Behind the facade, however, Suharto showed an early interest in making money. In the 1950s, he was allegedly involved in sugar smuggling and other extra-military activities in Central Java that may have cost him command of the Army's Diponegoro Division during a 1959 anti-corruption drive. In his autobiography, Suharto asserts that he bartered sugar for rice to ease a local food shortage and that he did not benefit personally. In any case, the military transferred Suharto to a less influential position at the army staff college in Bandung, West Java.

In 1966, Suharto Inc. began to take shape. Before being officially named President, Suharto issued Decree No. 8 to seize two Sukarno-controlled conglomerates with combined assets of $2 billion. They became PT Pilot Project Berdikari, a company that Suharto placed under the management of Achmad Tirtosudiro, a former general who now heads a powerful Muslim organization founded by President Habibie. The firm was to become one of the main levers of the Suharto empire.

The President's fortunes began to soar along with those of a few close associates, most prominently Liem Sioe Liong and The Kian Seng, better known as Mohammad "Bob" Hasan. In late 1969, Suharto gave a partial monopoly--it later became total--over the import, milling and distribution of wheat and flour to PT Bogasari Flour Mills, controlled by Liem's Salim Group. Over the years Liem--known as "Uncle Liem" to the Suharto brood--and Hasan became Suharto's most trusted non-family associates and eventually amassed vast commercial empires.

The bedrock of the Suharto fortune was the presidential yayasan, or foundation. Dozens were set up, ostensibly as charities, and they have in fact funded a large number of hospitals, schools and mosques. But the foundations were also giant slush funds for the investment projects of the Suhartos and their cronies, as well as for the ex-President's political machine, Golkar. According to George Aditjondro, a sociology lecturer at Australia's University of Newcastle, they ultimately numbered 97 and were controlled by Suharto, his wife (who died in 1996), her relatives in the countryside, his cousin and half-brother, the six children, their spouses and parents, trusted military men and associates such as Habibie, Hasan and Liem. "The foundations bought stocks, built companies, lent money to businessmen," says Adnan Buyung Nasution, a lawyer who last year tried unsuccessfully to set up an independent commission on the Suharto wealth.

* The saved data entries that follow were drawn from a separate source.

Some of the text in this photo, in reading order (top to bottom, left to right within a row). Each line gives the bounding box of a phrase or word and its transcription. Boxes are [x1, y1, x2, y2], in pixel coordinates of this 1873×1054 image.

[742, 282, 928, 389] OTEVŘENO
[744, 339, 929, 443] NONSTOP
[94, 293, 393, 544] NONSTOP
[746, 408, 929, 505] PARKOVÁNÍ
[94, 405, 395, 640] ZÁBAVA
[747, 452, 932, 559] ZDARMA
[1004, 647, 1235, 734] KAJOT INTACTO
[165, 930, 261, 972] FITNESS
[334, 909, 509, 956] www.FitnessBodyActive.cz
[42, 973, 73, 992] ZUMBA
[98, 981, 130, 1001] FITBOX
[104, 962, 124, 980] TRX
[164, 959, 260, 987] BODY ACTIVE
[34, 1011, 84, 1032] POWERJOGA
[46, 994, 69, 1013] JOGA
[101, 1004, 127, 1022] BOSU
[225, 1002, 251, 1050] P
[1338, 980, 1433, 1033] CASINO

The foundations accepted "donations," though they were often less than voluntary. Beginning in 1978, all state-owned banks were required to give 2.5% of their profits to both the Dharmais and Supersemar foundations, according to former Attorney General Soedjono Atmonegoro. Suharto's Decree No. 92, in 1996, required that each taxpayer and company making more than $40,000 a year donate 2% of income to the Dana Sejahtera Mandiri foundation, set up to support poverty-alleviation programs (the order was rescinded last July). To this day, civil servants and members of the military donate a portion of their monthly salaries to the Amal Bakti Muslim Pancasila foundation, which was used by Suharto to win Muslim support.

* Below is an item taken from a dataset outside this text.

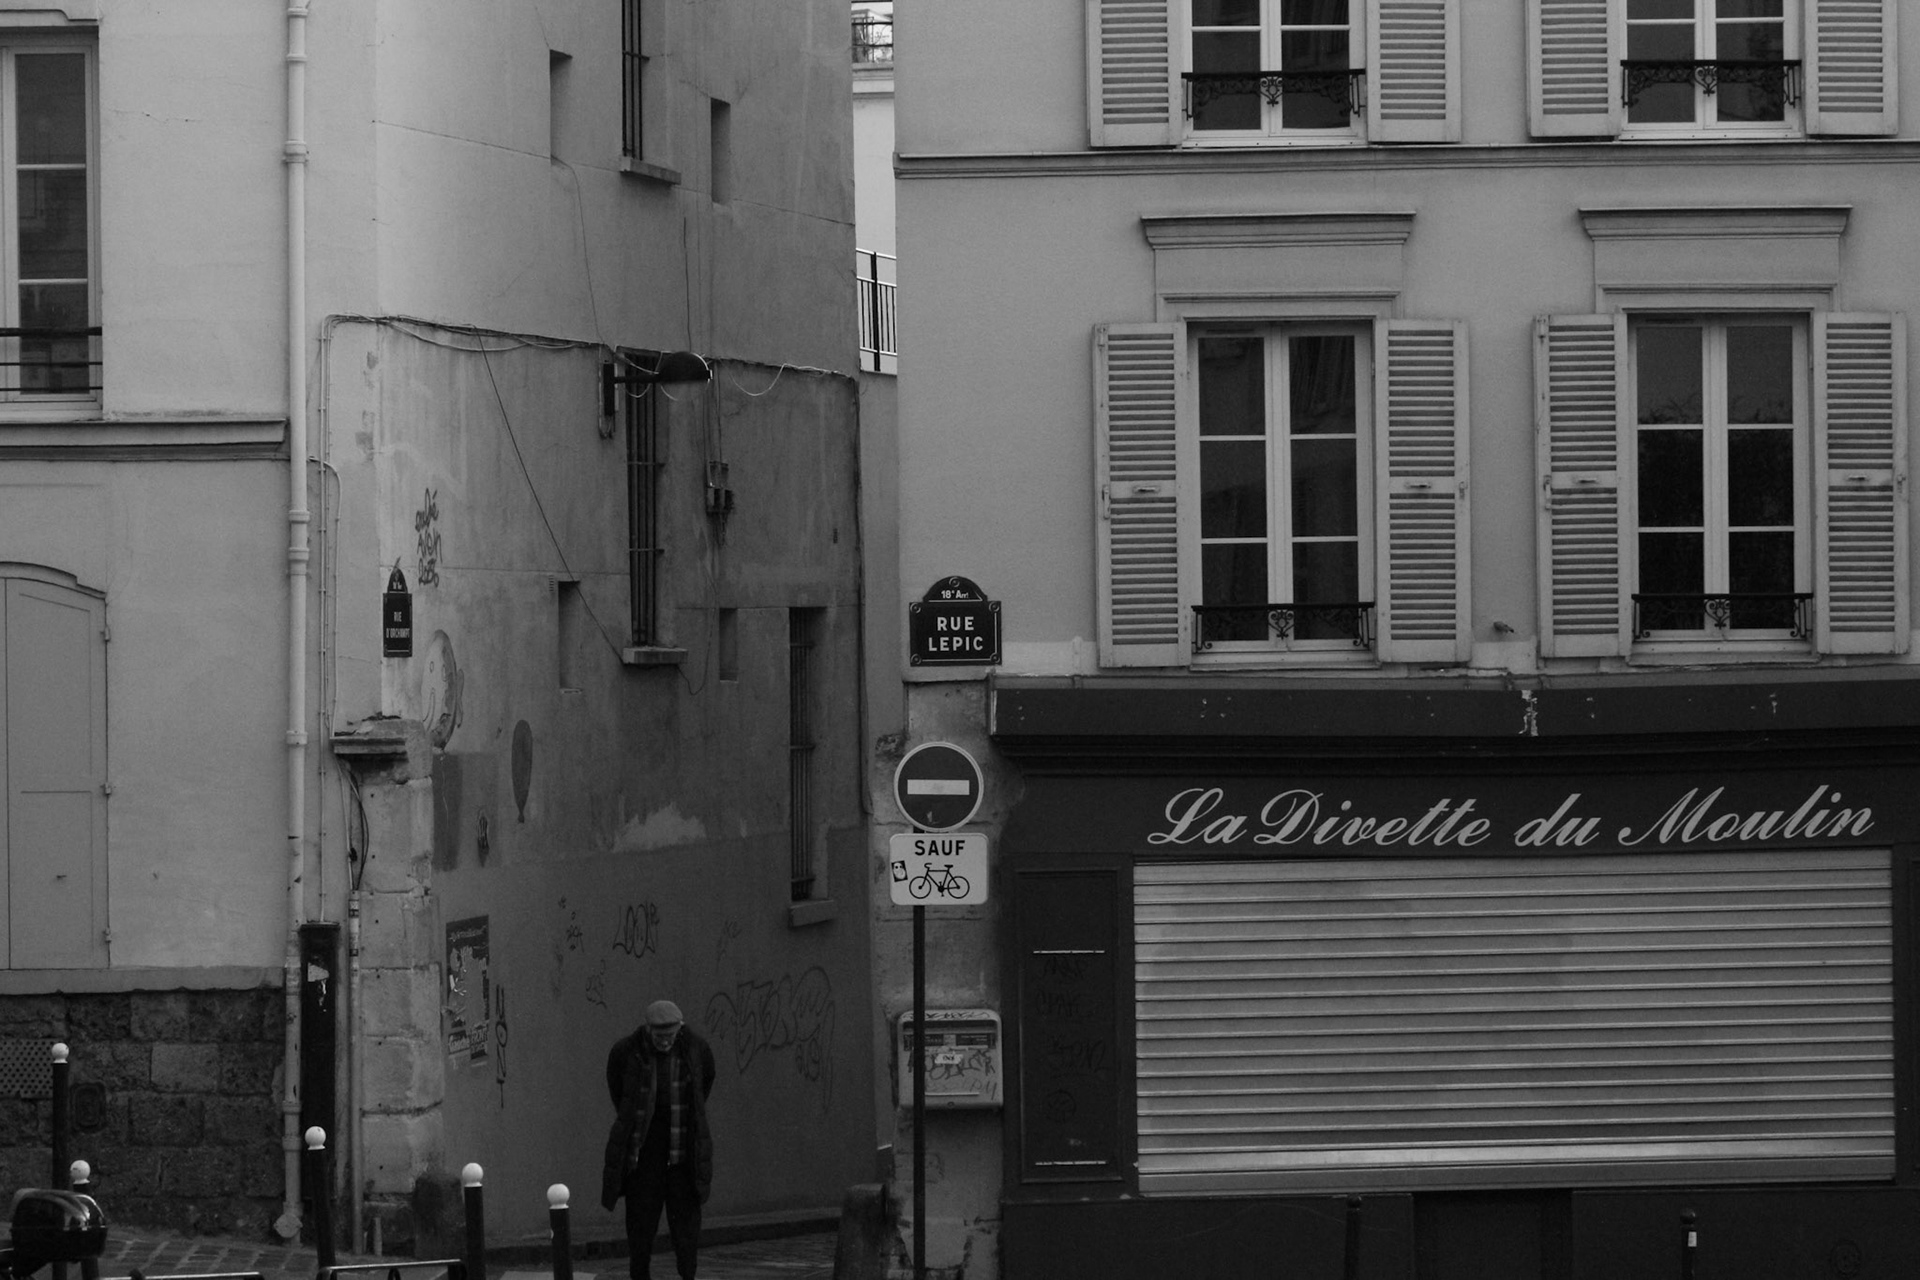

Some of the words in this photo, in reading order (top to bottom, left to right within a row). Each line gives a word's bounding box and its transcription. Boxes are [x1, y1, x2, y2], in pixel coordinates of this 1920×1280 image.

While "donations" provided most of the foundations' revenue, there were other sources as well. In 1978, Suharto foundations took control of 60% of Bank Duta, a leading private bank, according to a former Bank Duta official. That share was gradually increased to 87%. The foundations invested heavily in private companies established by Suharto family members and cronies. After that, a helpful ministry or state-owned firm would award a contract or a monopoly to those companies.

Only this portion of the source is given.